LitePoint, a subsidiary of Teradyne, has announced a collaboration with Microchip to deliver design validation and turnkey manufacturing test solutions for next-generation Internet of Things (IoT) systems, based on Microchip’s Bluetooth and Wi-Fi chipsets. As part of the collaboration, LitePoint has released a version of its IQfact+ test automation software tailored for Microchip’s new WFI32E01 series of Wi-Fi MCU modules.

In a video, John Hoffman, computer vision engineering manager of CyberOptics, talks about some of the growing challenges with wafer bump inspection and metrology.

Fab tools
Universal Robots, a unit of Teradyne, recently rolled out its longest-reach cobot, the UR10e, featuring a new total payload of 12.5kg (27.55lbs). The Covid-19 pandemic has made it clear that to overcome the challenges of rising delivery expectations, growing labor shortages and expanding order volumes, the industry will need to embrace automation at a rapid pace. Collaborative robots (cobots) are now increasingly a part of that solution.

In a video, Lam’s vice president of computational products, David Fried, discussed how DRAM is evolving, the challenges surrounding this critical memory technology and more.

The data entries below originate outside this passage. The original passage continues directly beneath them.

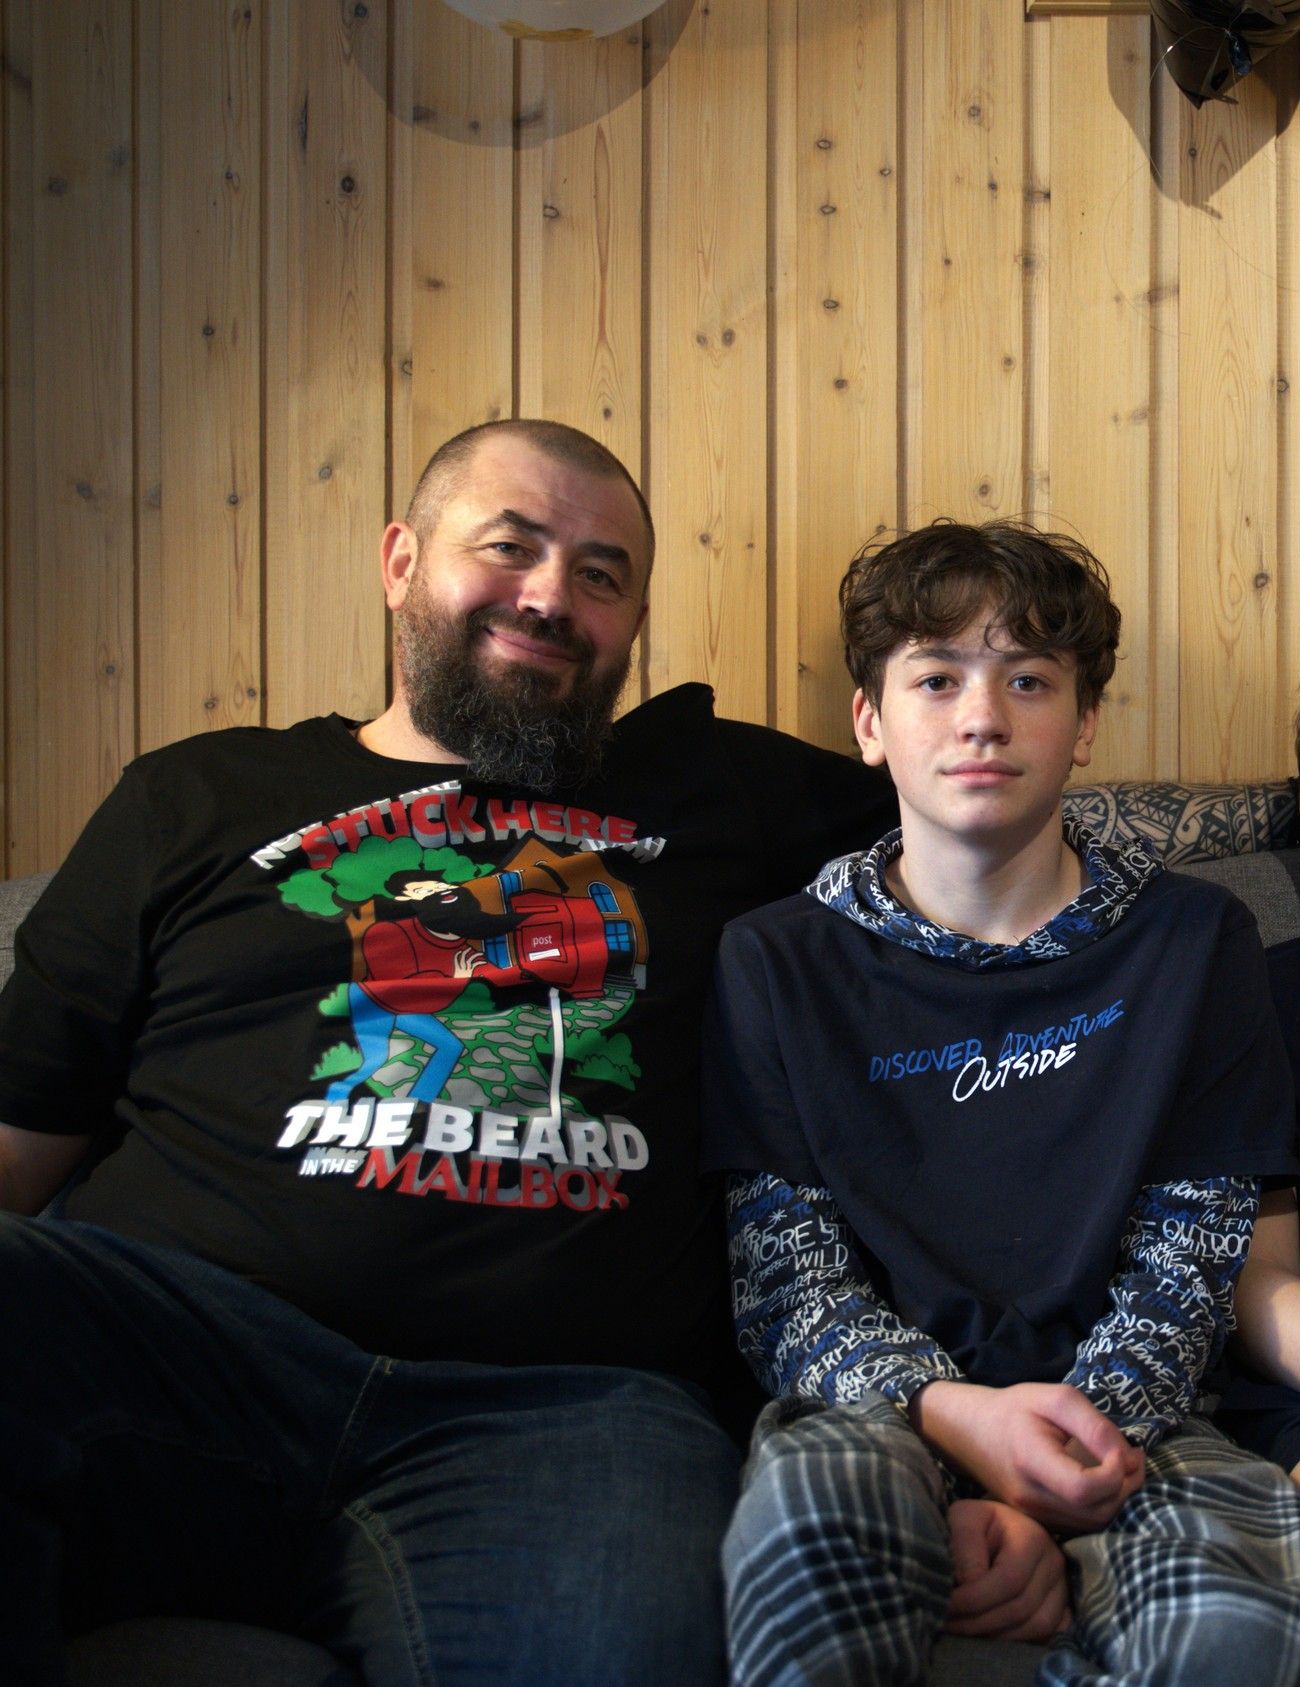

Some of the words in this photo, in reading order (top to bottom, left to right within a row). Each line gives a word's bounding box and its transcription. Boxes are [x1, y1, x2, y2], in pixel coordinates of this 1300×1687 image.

[301, 793, 486, 871] STUCK
[487, 798, 638, 845] HERE
[532, 935, 553, 948] post
[869, 1039, 983, 1082] DISCOVER
[997, 999, 1124, 1071] ADVENTURE
[952, 1043, 1077, 1102] OUTSIDE
[277, 1098, 418, 1148] THE
[423, 1102, 650, 1171] BEARD
[299, 1155, 319, 1176] IN
[320, 1155, 361, 1175] THE
[356, 1147, 630, 1212] MAILBOX
[793, 1243, 849, 1271] WILD

Imec has signed a licensing agreement with miDiagnostics to commercialize its technology for fast and reliable COVID-19 diagnosis based on an exhaled breath technology. miDiagnostics is a spin-off of Imec that is working in collaboration with Johns Hopkins University on the technology. Imec’s technology takes aerosols and droplets from an exhaled breath, which are then captured for screening for viral RNA through miDiagnostics’ PCR technology. The agreement enables miDiagnostics to kickstart the commercialization of a COVID-19 breathalyzer, as opposed to classical COVID-19 testing methods based on blood, saliva or a sample from the nose/throat cavity.

Toyota plans to cut its global car output by 15% in November due to ongoing chip shortages.

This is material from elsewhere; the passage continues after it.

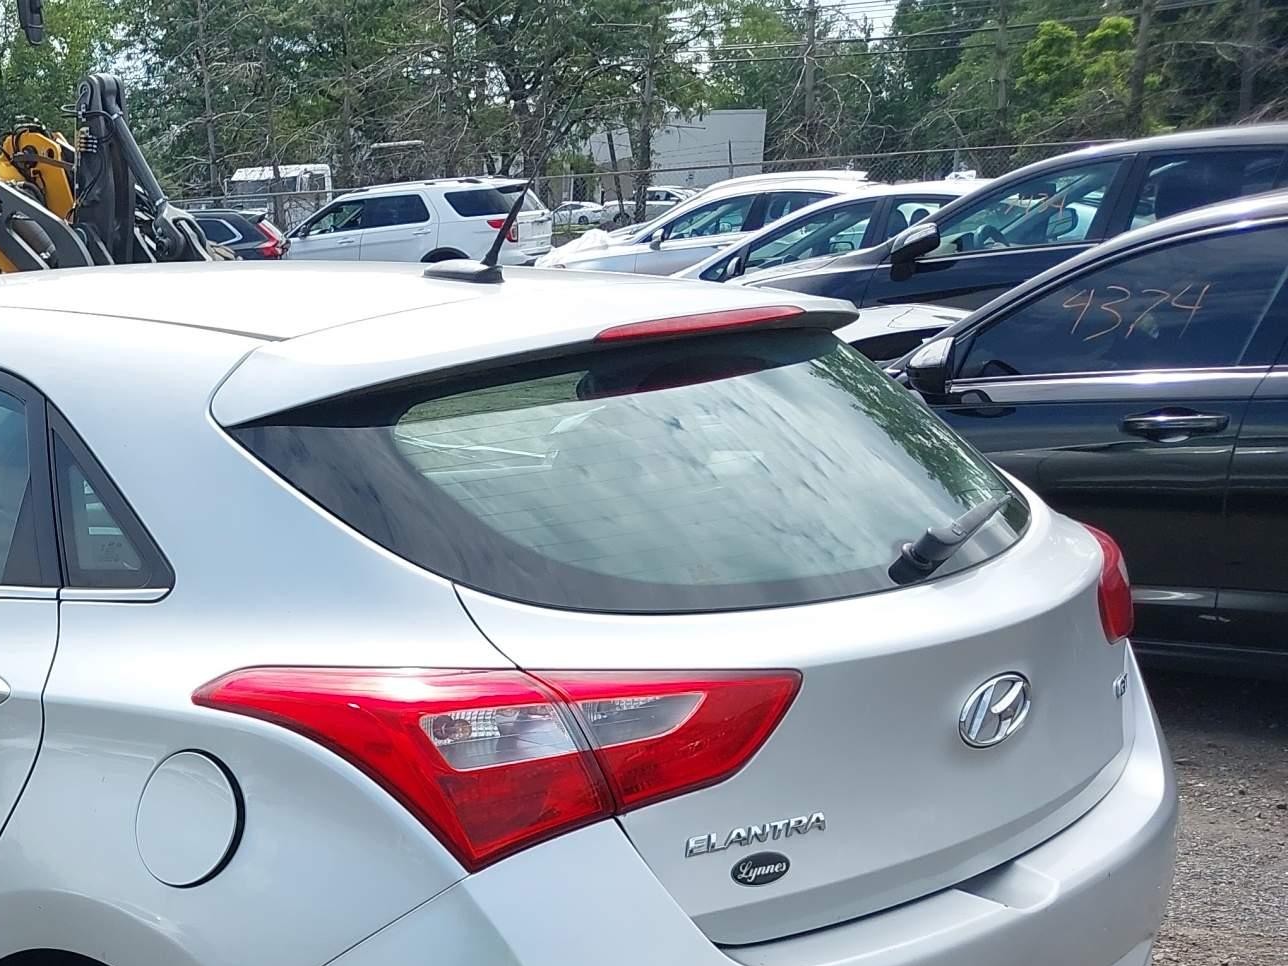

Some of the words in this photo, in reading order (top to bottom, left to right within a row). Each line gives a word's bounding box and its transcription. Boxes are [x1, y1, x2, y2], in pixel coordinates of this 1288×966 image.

Hyundai Mobis has developed foldable steering system technology that enables the folding and unfolding of a steering wheel. This foldable steering wheel technology can allow for more space in the driver’s seat.

Nanoramic has received an investment from Fortistar, an investment firm. Nanoramic has raised over $75 million to date, a sum that will enable the company to further develop and commercialize Neocarbonix, its nanocarbon electrode technology. Neocarbonix promises to transform energy storage for electric vehicles (EVs), increasing energy density by 30% relative to current best-in-class batteries.

DARPA, in partnership with the U.S. Air Force, completed a free flight test of its Hypersonic Air-breathing Weapon Concept (HAWC). “The missile, built by Raytheon Technologies, was released from an aircraft seconds before its Northrop Grumman scramjet (supersonic combustion ramjet) engine kicked on. The engine compressed incoming air mixed with its hydrocarbon fuel and began igniting that fast-moving airflow mixture, propelling the cruiser at a speed greater than Mach 5 (five times the speed of sound),” according to DARPA. “The HAWC vehicle operates best in oxygen-rich atmosphere, where speed and maneuverability make it difficult to detect in a timely way. It could strike targets much more quickly than subsonic missiles and has significant kinetic energy even without high explosives.”

Market research
Fueled by pent-up demand for automotive electronics caused by semiconductor supply chain disruptions, worldwide installed capacity for power and compound semiconductor fabs is projected to top 10 million wafers per month (wph) for the first time in 2023, growing to 10.24 million wpm and climbing to 10.6 million wpm in 2024, according to SEMI’s Power & Compound Fab Report.

Global shipments of traditional PCs reached 86.7 million units during the third quarter of 2021, up 3.9% from the prior year, according to preliminary results from the IDC. “This marks the sixth consecutive quarter of growth for the PC market as the onset of the pandemic has led to a surge in demand while also contributing to component shortages and other supply challenges,” according to IDC.